[REQUIREMENT] Keep the pictures out and restate every record exactly.

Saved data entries

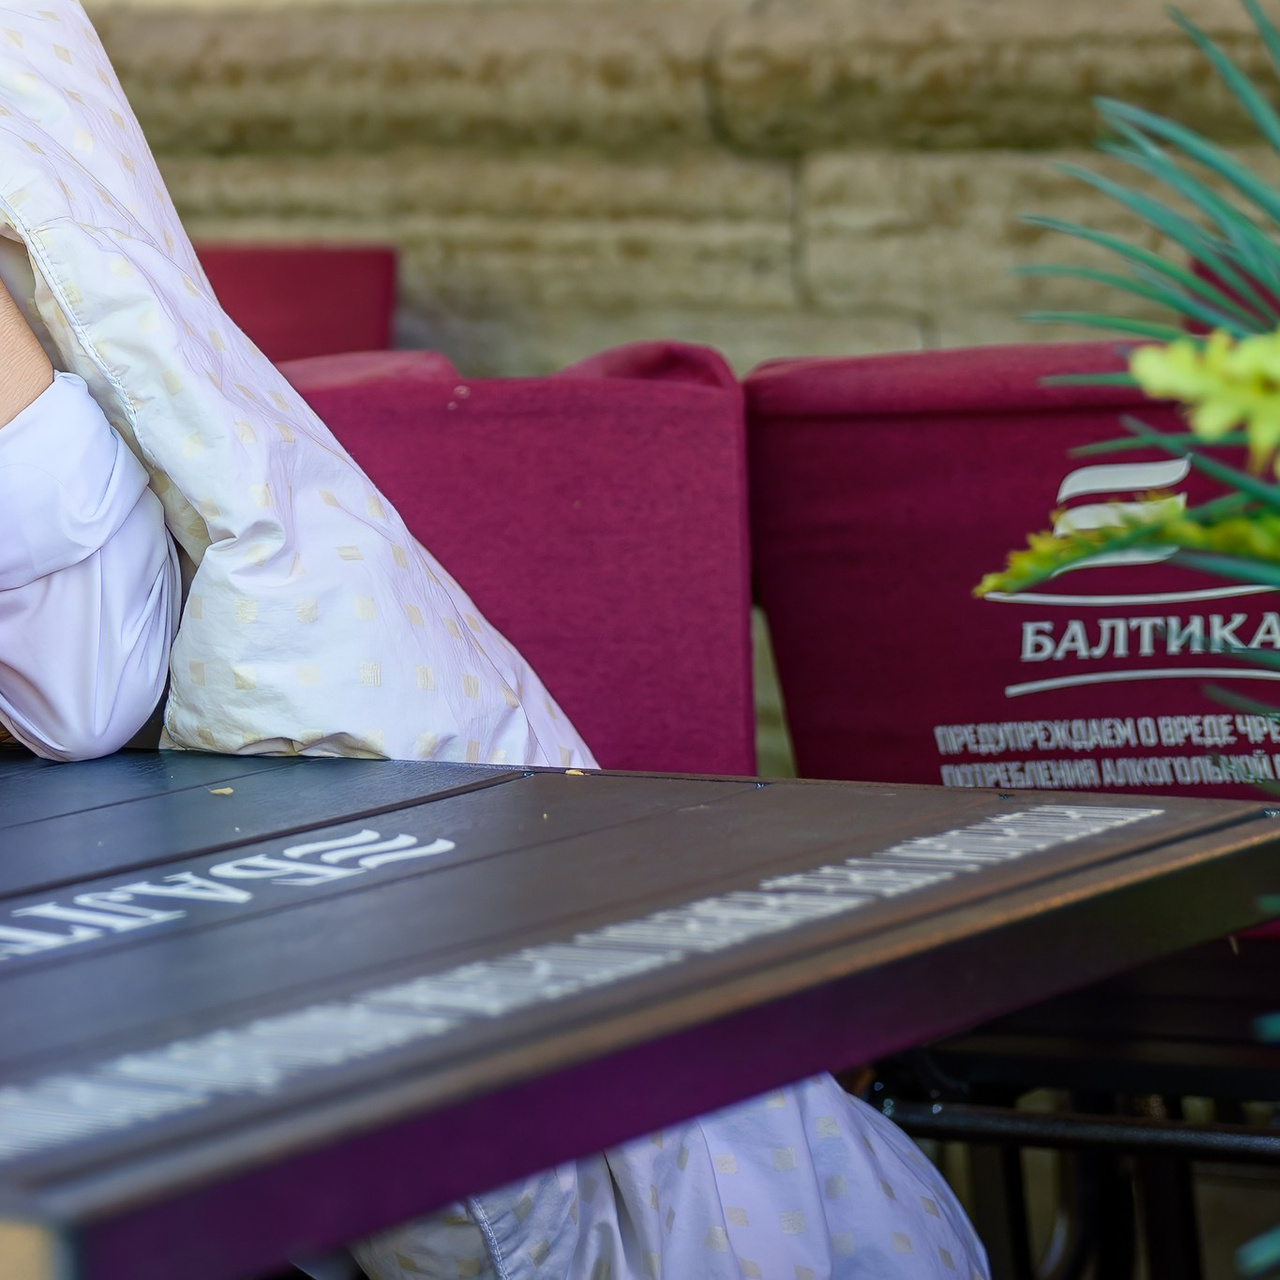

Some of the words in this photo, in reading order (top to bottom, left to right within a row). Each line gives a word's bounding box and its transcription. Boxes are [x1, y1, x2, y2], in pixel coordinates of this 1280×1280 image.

[1021, 611, 1280, 662] БАЛТИКА
[933, 717, 1139, 755] ПРЕДУПРЕЖДАЕМ
[1138, 716, 1158, 747] О
[1157, 714, 1237, 748] ВРЕДЕ
[940, 759, 1100, 788] ПОТРЕБЛЕНИЯ
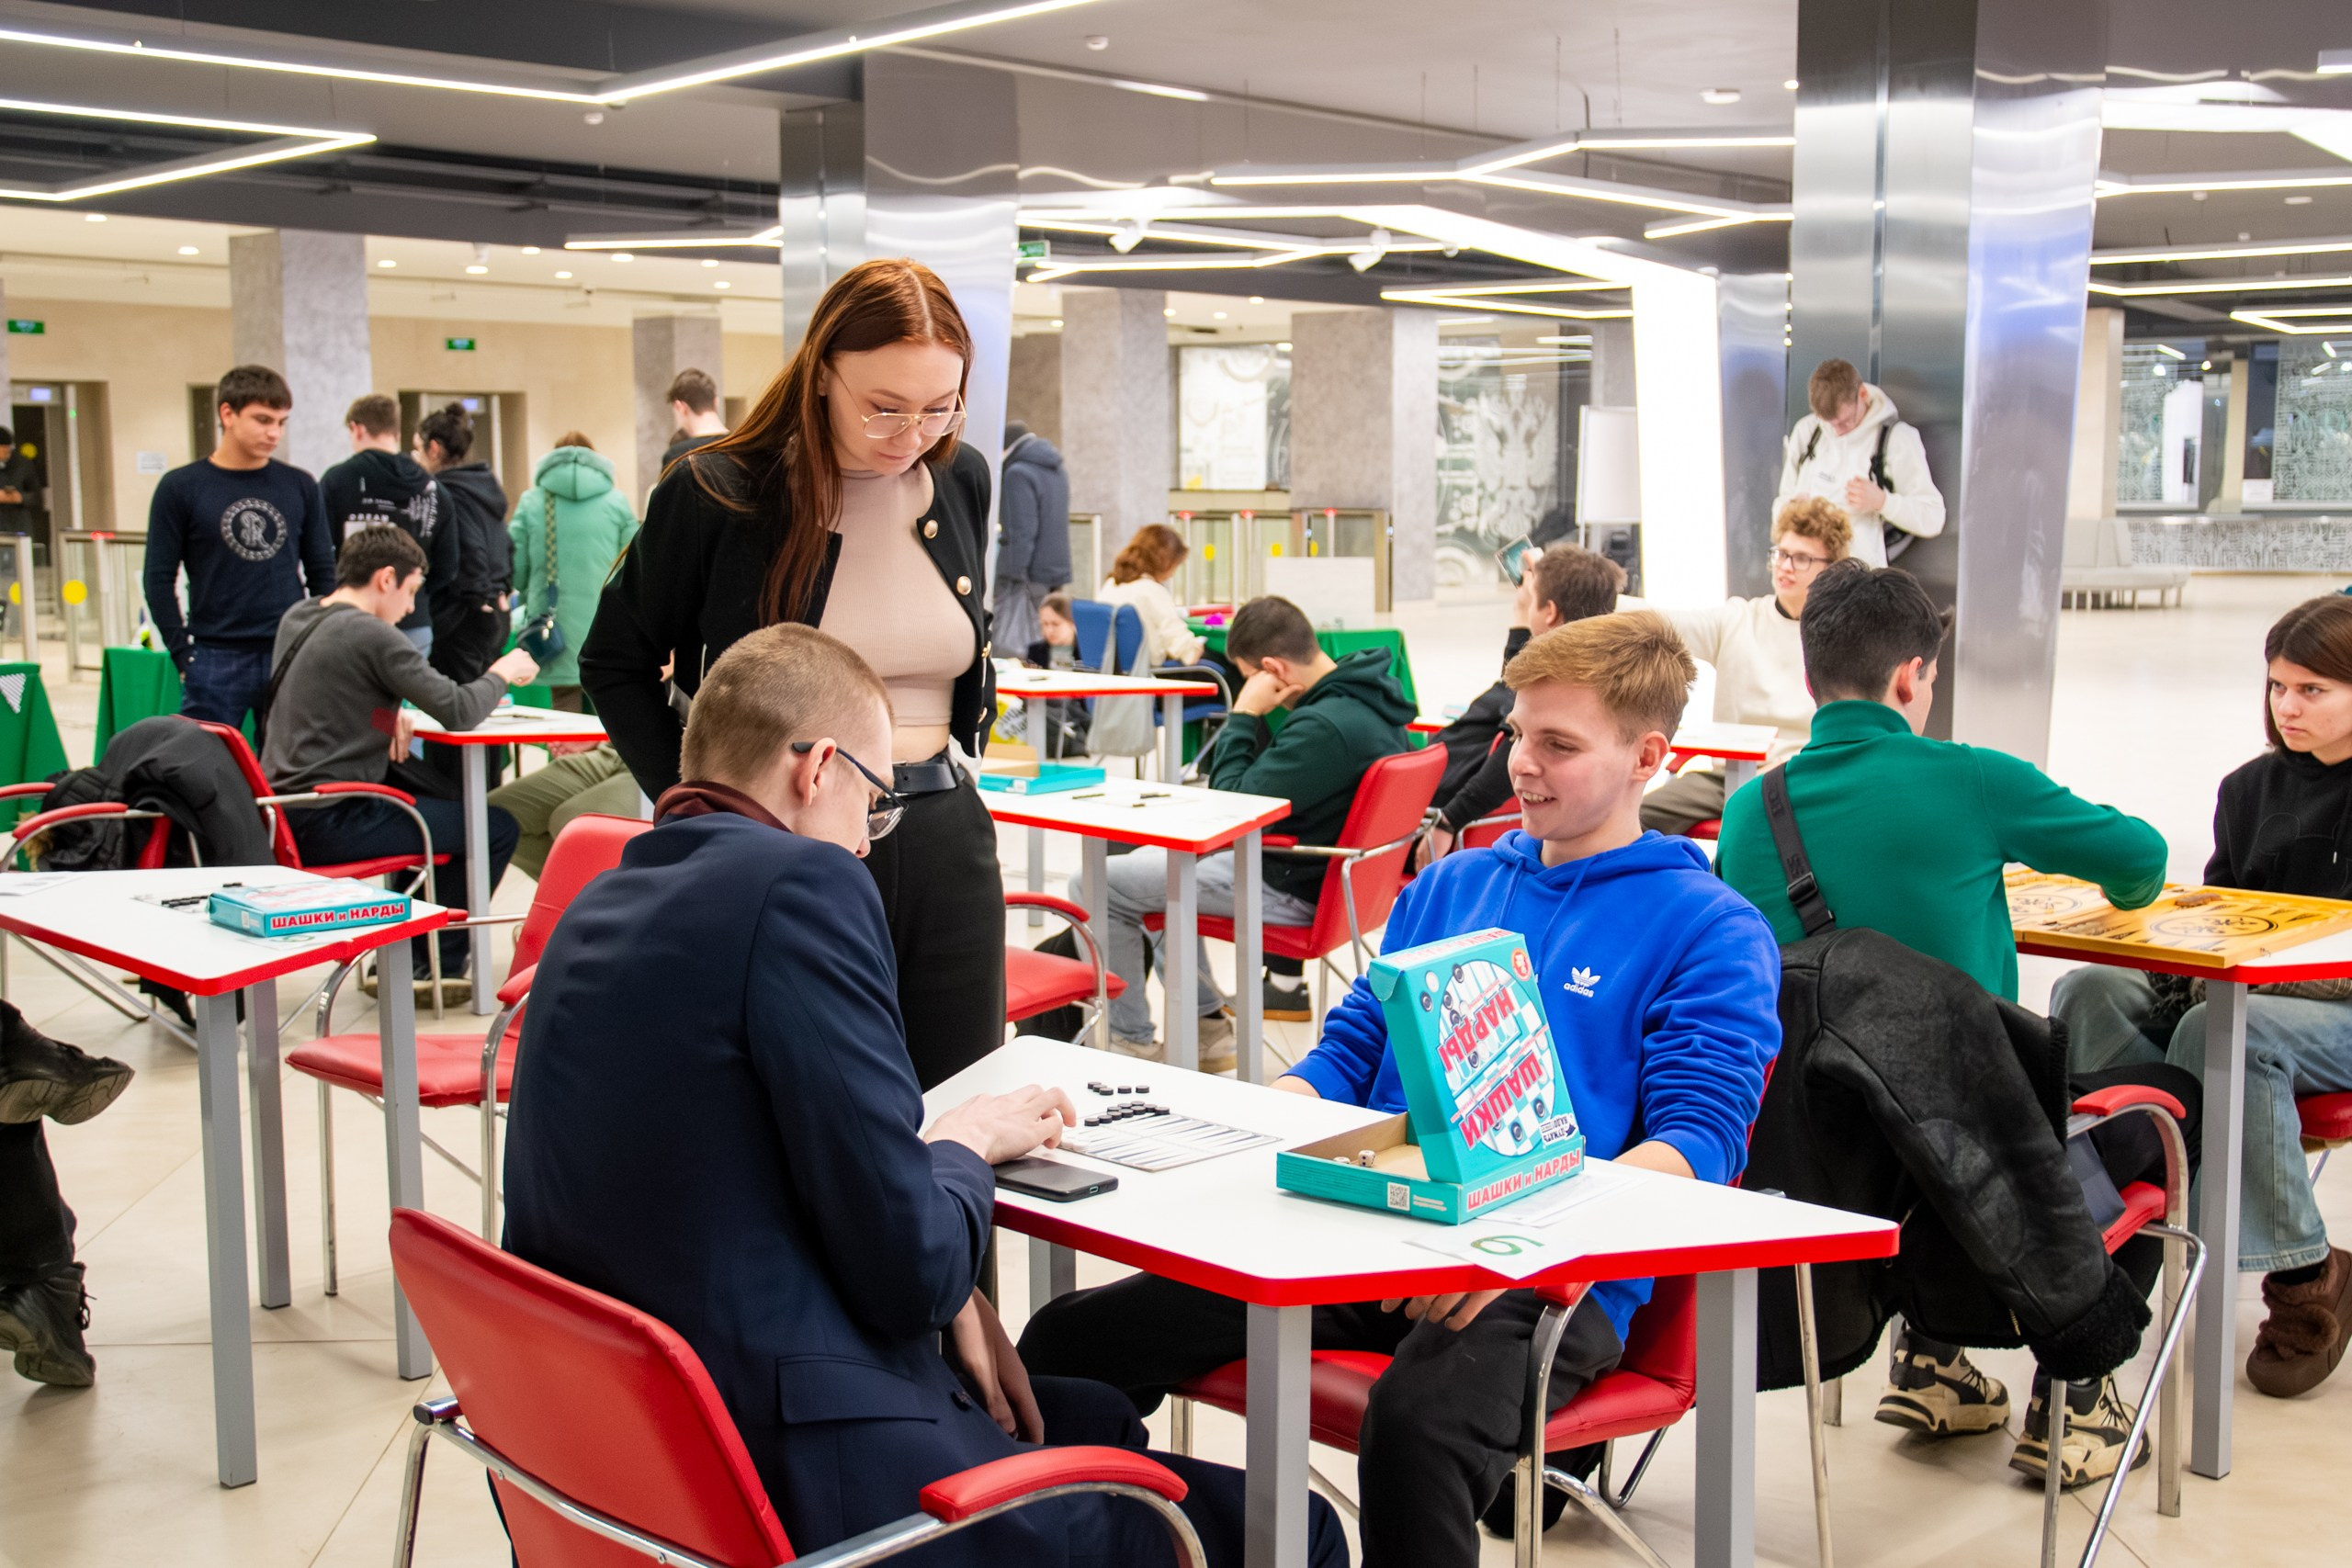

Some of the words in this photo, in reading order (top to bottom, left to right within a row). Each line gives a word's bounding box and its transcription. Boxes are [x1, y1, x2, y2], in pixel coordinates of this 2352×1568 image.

[272, 911, 334, 929] ШАШКИ
[350, 903, 404, 919] НАРДЫ
[1564, 982, 1595, 998] adidas
[1438, 987, 1515, 1073] НАРДЫ
[1459, 1051, 1544, 1148] ШАШКИ
[1467, 1173, 1522, 1211] ШАШКИ
[1534, 1149, 1580, 1181] НАРДЫ

[RESPONSE AREA]
Some of the words in this photo, in reading order (top to bottom, left to right within a row). Each line gives a word's bounding box and its transcription. Boxes are [x1, y1, x2, y2], in pixel coordinates of this 1280×1280 image.

[1021, 611, 1280, 662] БАЛТИКА
[933, 717, 1139, 755] ПРЕДУПРЕЖДАЕМ
[1138, 716, 1158, 747] О
[1157, 714, 1237, 748] ВРЕДЕ
[940, 759, 1100, 788] ПОТРЕБЛЕНИЯ

Some of the words in this photo, in reading order (top to bottom, left to right within a row). Each line gives a word's bounding box and its transcription. Boxes are [x1, y1, x2, y2], in pixel coordinates of this 2352×1568 image.

[272, 911, 334, 929] ШАШКИ
[350, 903, 404, 919] НАРДЫ
[1564, 982, 1595, 998] adidas
[1438, 987, 1515, 1073] НАРДЫ
[1459, 1051, 1544, 1148] ШАШКИ
[1467, 1173, 1522, 1211] ШАШКИ
[1534, 1149, 1580, 1181] НАРДЫ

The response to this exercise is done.